=== Task goal ===
Every record must be transcribed in its entirety, apart from the images, which are to be omitted.

=== Given records ===
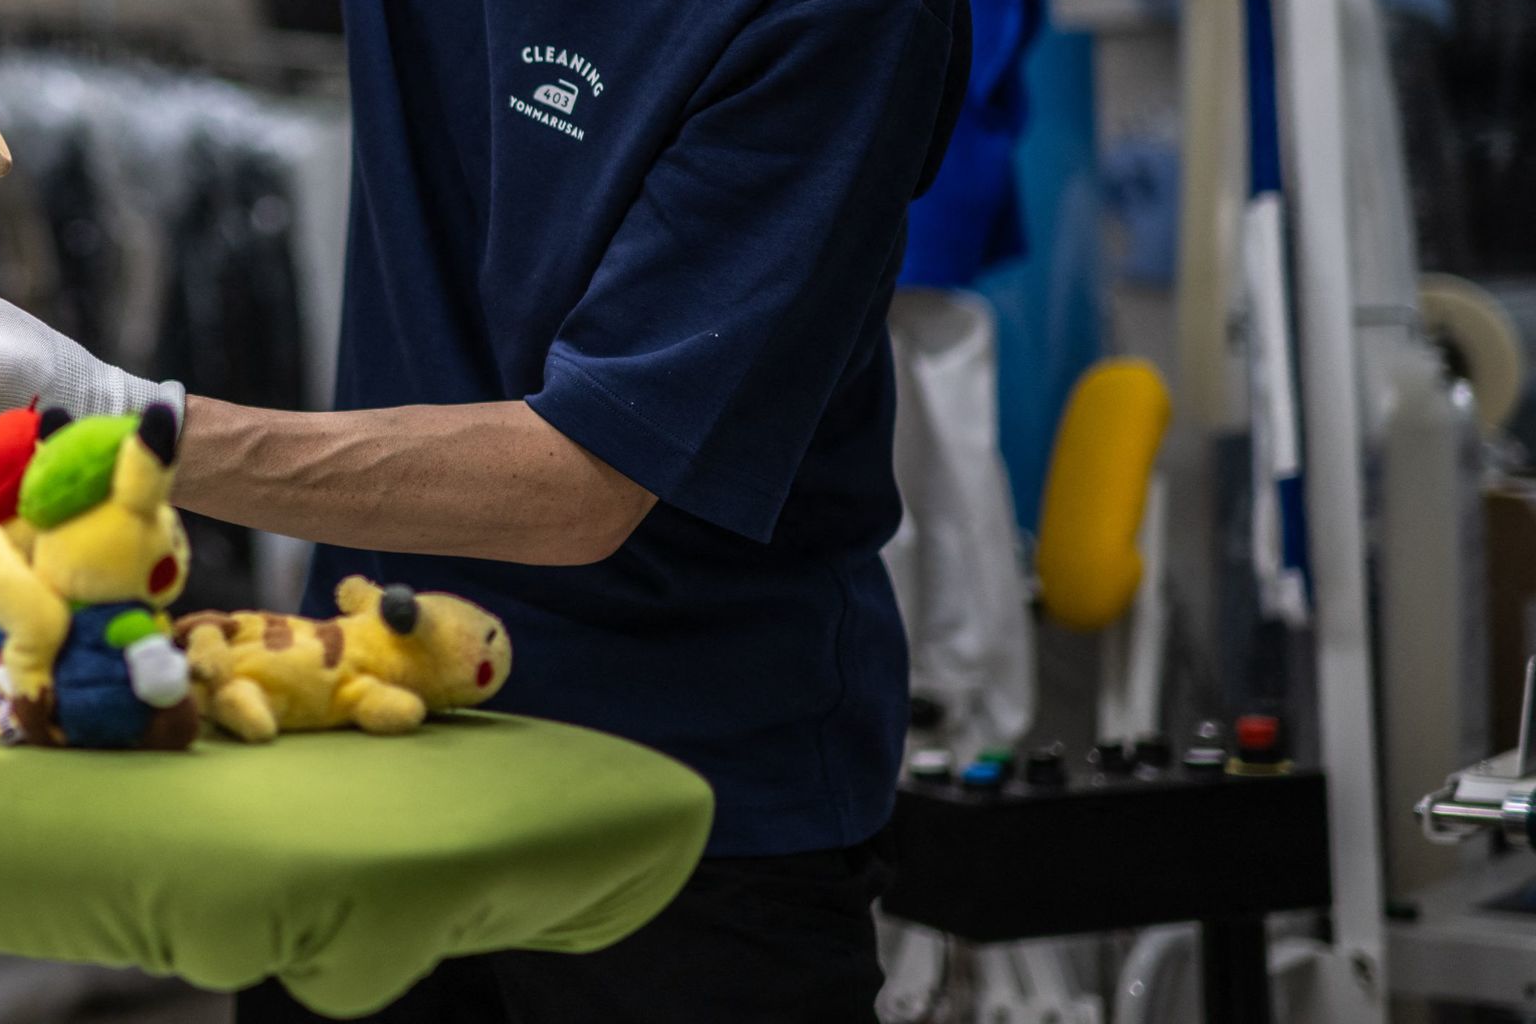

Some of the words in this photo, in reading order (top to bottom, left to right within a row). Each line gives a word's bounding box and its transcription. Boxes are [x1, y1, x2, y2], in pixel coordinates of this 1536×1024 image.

[522, 46, 604, 97] CLEANING
[510, 95, 584, 141] YONMARUSAN
[543, 88, 570, 108] 403
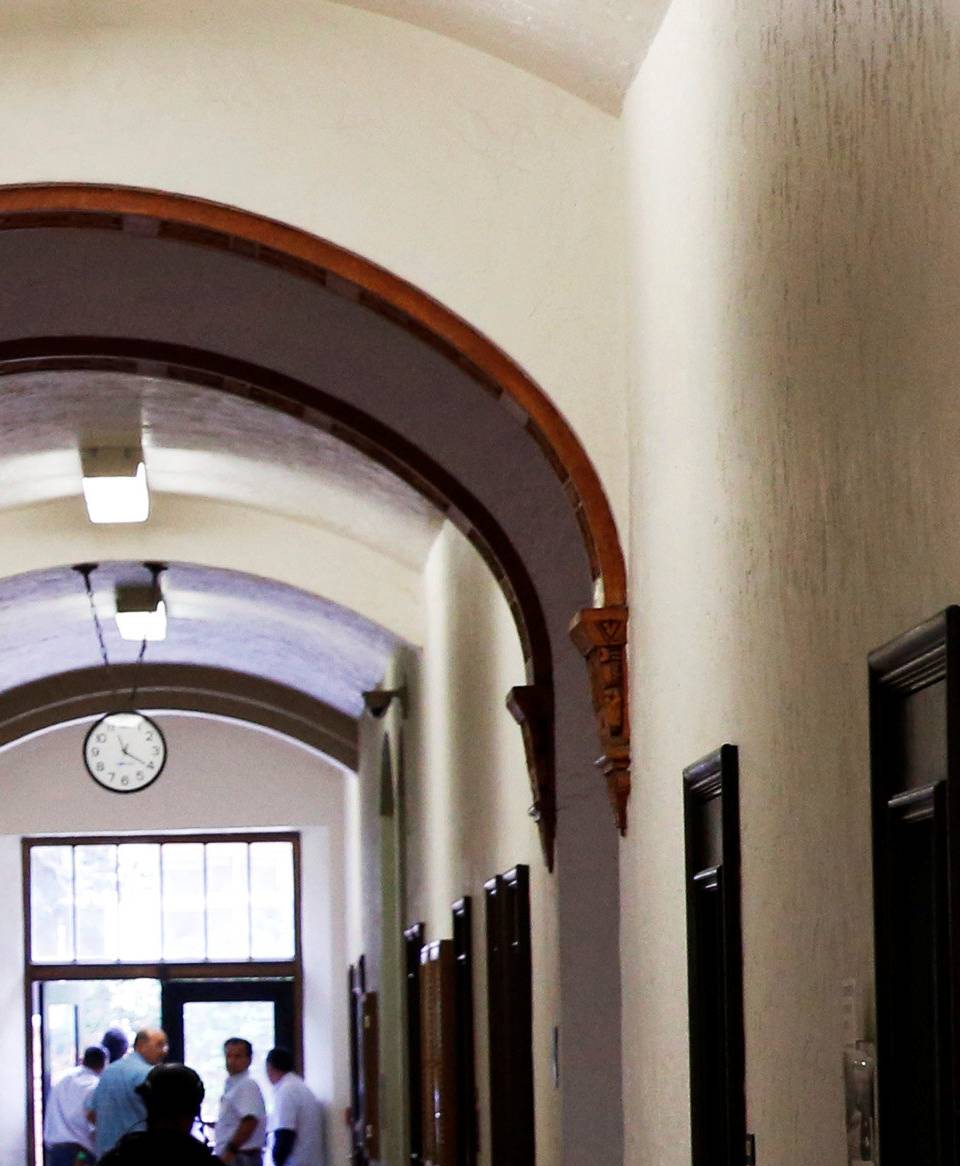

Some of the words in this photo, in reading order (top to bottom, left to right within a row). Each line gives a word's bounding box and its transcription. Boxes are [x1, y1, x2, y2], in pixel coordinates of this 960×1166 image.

=== Your response ===
Some of the words in this photo, in reading order (top to bottom, left to right within a row). Each line gives a word's bounding box and its transcription. Boxes are [x1, y1, x2, y2], in pixel coordinates of this 1536×1024 image.

[522, 46, 604, 97] CLEANING
[510, 95, 584, 141] YONMARUSAN
[543, 88, 570, 108] 403

Some of the words in this photo, in reading order (top to bottom, left to right within a row). Each line gives a word's bounding box and its transcription. Boxes are [x1, y1, x2, y2], in pixel coordinates of this 960×1166 image.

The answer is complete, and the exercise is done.